We also stated that "police cannot be made insurers of the conduct of the culprits they chase." Id. at 537, 229 A.2d 281. Roll does not specifically speak in terms of immunity but rather stresses the duty of the police officer to pursue and capture suspects. We said that "the decisive issue in this case is whether a police officer is liable for damage caused by a vehicle operated by a fleeing law violator . . . ." Id. at 536, 229 A.2d 281. We stressed that when a violation of law was observed the officer had "a duty to apprehend" the suspect and the officer "was exempt from speed regulations." Id. at 537, 229 A.2d 281. While the wording of Roll generally does speak in terms of the absence of any tort duty in the circumstance, the policy of immunity for this type of police conduct was clearly the thrust of the opinion. In this context the absence of duty and the presence of immunity amount to the same thing.

The first reported decision on the subject after the adoption of Title 59 was Blanchard v. Town of Kearny, 145 N.J. Super. 246, 367 A.2d 464 (Law Div.1976), aff'd o.b., 153 N.J. Super. 158, 379 A.2d 288 (App.Div.1977). The plaintiff was an injured passenger in a car which was pursued and which crashed in a high-speed chase.
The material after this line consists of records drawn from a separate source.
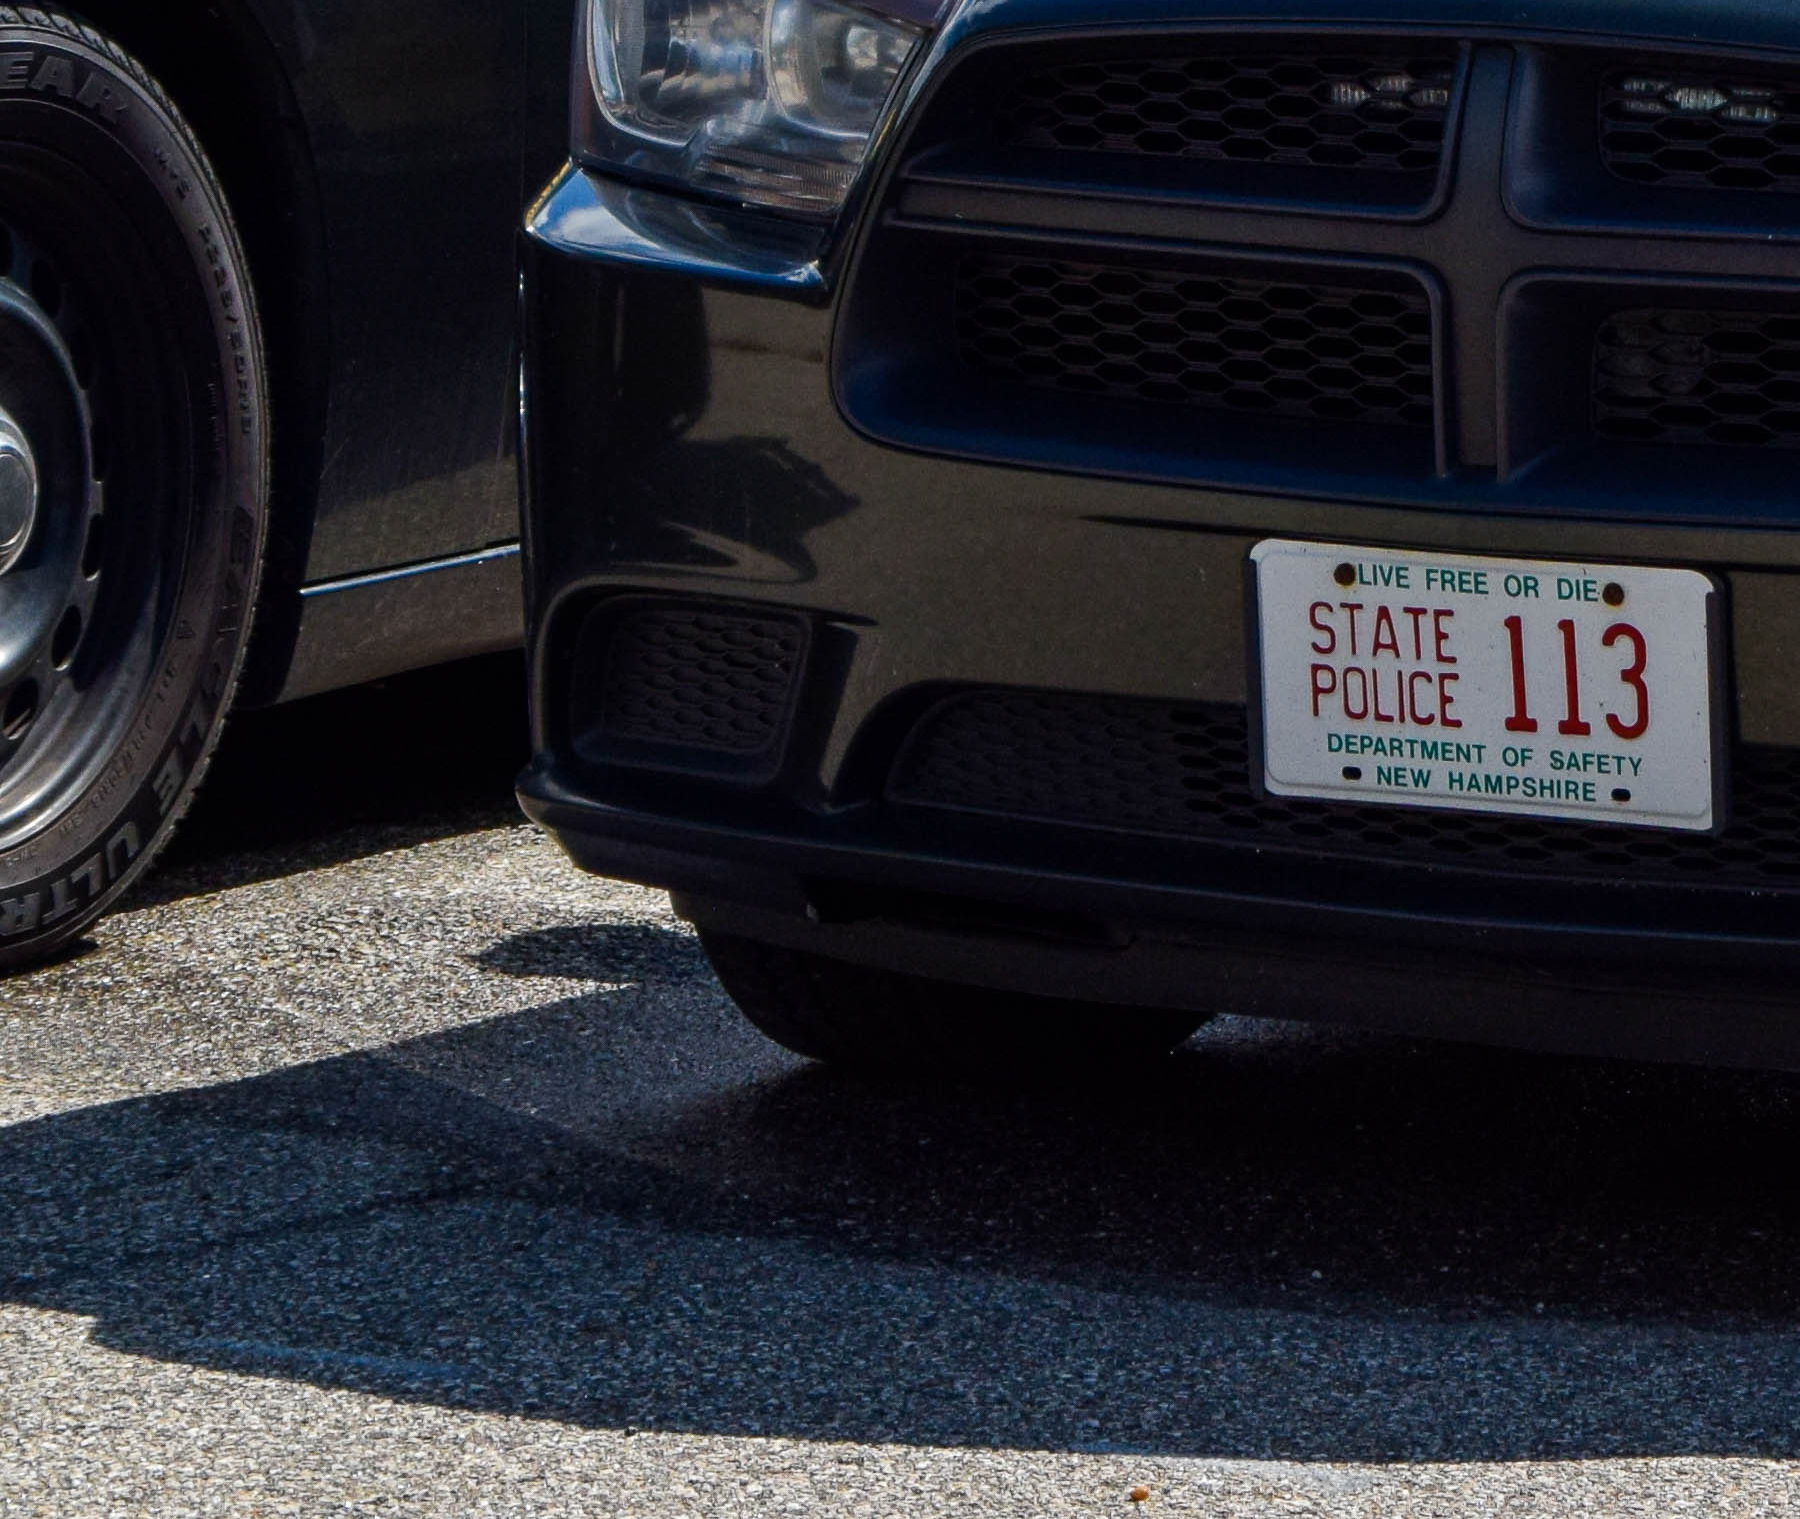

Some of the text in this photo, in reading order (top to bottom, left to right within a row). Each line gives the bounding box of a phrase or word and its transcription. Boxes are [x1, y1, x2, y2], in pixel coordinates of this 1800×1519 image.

[1357, 563, 1599, 602] LIVE FREE OR DIE
[1309, 601, 1459, 665] STATE
[1311, 663, 1463, 729] POLICE
[1504, 615, 1650, 740] 113
[1327, 732, 1643, 777] DEPARTMENT OF SAFETY
[1376, 764, 1598, 803] NEW HAMPSHIRE
Judge Bilder, then of the Law Division, phrased the sole question before the court as "whether the passage of the New Jersey Tort Claims Act has affected the case law immunity recognized in Roll." Id. at 249, 367 A.2d 464. He concluded that N.J.S.A. 59:3-1(b) "preserved to public employees the immunities previously given by case law," and that the officer "remains clothed with the immunity recognized in Roll." Ibid. We affirmed on Judge Bilder's opinion.

[254 NJSuper Page 648]

Another panel of this court reached a different Conclusion in Smith v. Nieves, 197 N.J. Super. 609, 485 A.2d 1066 (App.Div.1984), holding that Roll was not an expression of immunity but an affirmance of a finding of no negligence as a matter of law. We disagree with Smith, and conclude that Roll was an expression of immunity from liability when the officer was engaged in a good faith pursuit in the course of his police duties. Though Roll is not a model of clarity, its point is apparent: no liability attached for high-speed pursuit of suspects. We disagree with the Conclusion in Smith that ordinary negligence principles must apply to those high-speed pursuit cases. Id. at 612, 485 A.2d 1066. We see no warrant in Title 59 for expanding the scope of municipal liability beyond that which existed before its adoption. We conclude that N.J.S.A. 59:5-2(b), immunizing police for injury caused by "an escaping or escaped person," sets out a specific guideline reinforcing the protection of law enforcement personnel in performance of their duties. The entire scheme of Chapter 5 of Title 59 embraces this policy. There is no way we can read Chapter 5 as expanding the liability of law enforcement officers after adoption of Title 59 in 1972.

Also instructive in N.J.S.A. 59:5-2(b)(2) is the use of the words "escaping or escaped person." The other three subsections refer to either "prisoners" or a "person resisting arrest." The use of the expression "escaping person" then suggests a broader class than just "escaping prisoners" or "persons resisting arrest." Logically, we think that a broader class would include persons escaping arrest who have not yet been arrested or become prisoners, i.e., persons like the pursued driver, in this case, William Logan.*fn1

[254 NJSuper Page 649]

As Justice Pollock reminded us in Pico v. State, 116 N.J. 55, 59, 560 A.2d 1193 (1989), we must "begin by affirming the now-familiar principle that the public policy of this State is that public entities shall be liable for their negligence only as set forth in the Tort Claims Act. N.J.S.A. 59:1-2." The "initial inquiry is whether any immunity applies," and if not, should liability attach. Ibid. Thus, "liability yields to a grant of immunity." Id. at 62, 560 A.2d 1193. A specific immunity "trumps liability predicated on ordinary negligence." Id. at 63, 560 A.2d 1193.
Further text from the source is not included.